→ THE DATA

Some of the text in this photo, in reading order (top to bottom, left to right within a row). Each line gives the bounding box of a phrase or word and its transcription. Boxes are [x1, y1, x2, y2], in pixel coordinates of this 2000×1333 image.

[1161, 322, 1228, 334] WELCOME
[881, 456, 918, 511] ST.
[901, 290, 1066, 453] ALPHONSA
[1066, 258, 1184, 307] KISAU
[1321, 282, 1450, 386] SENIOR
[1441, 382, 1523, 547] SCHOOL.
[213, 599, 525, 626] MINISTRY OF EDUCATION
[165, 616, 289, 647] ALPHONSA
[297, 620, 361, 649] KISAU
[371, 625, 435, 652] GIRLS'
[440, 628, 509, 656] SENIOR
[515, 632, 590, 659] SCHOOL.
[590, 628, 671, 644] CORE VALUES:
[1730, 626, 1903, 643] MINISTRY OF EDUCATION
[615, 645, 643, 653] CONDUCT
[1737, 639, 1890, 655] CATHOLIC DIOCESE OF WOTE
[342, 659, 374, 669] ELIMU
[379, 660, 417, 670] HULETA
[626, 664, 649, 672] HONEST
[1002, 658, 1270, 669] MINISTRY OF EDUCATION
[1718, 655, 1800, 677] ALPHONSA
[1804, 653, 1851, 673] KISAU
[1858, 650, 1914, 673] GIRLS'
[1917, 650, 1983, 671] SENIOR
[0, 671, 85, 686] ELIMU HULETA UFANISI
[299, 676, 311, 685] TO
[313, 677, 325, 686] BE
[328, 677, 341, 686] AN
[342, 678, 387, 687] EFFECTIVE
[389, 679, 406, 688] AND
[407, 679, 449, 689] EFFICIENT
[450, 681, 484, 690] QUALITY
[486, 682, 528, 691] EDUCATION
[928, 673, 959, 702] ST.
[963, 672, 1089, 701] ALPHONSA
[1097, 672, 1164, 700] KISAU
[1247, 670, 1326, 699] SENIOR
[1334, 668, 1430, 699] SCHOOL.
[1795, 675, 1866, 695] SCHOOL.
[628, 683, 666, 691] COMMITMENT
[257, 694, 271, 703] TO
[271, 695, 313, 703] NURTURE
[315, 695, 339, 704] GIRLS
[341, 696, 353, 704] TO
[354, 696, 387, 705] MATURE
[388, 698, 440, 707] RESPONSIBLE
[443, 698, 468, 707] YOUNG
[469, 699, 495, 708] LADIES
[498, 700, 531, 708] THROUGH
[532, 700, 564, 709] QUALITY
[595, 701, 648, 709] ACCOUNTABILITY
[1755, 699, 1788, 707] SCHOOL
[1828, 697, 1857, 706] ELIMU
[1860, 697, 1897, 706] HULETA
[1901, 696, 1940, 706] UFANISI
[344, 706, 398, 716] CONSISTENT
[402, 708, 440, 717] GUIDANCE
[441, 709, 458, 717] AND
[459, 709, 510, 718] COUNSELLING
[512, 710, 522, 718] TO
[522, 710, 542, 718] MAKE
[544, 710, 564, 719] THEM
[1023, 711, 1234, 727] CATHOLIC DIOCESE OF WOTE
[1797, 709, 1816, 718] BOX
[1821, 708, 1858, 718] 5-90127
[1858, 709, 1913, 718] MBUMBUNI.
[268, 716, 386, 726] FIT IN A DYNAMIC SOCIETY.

→ WORK ITEM
Track down every line in the entries that includes the string "QUALITY", and copy it.

→ WRITTEN SOLUTION
[450, 681, 484, 690] QUALITY
[532, 700, 564, 709] QUALITY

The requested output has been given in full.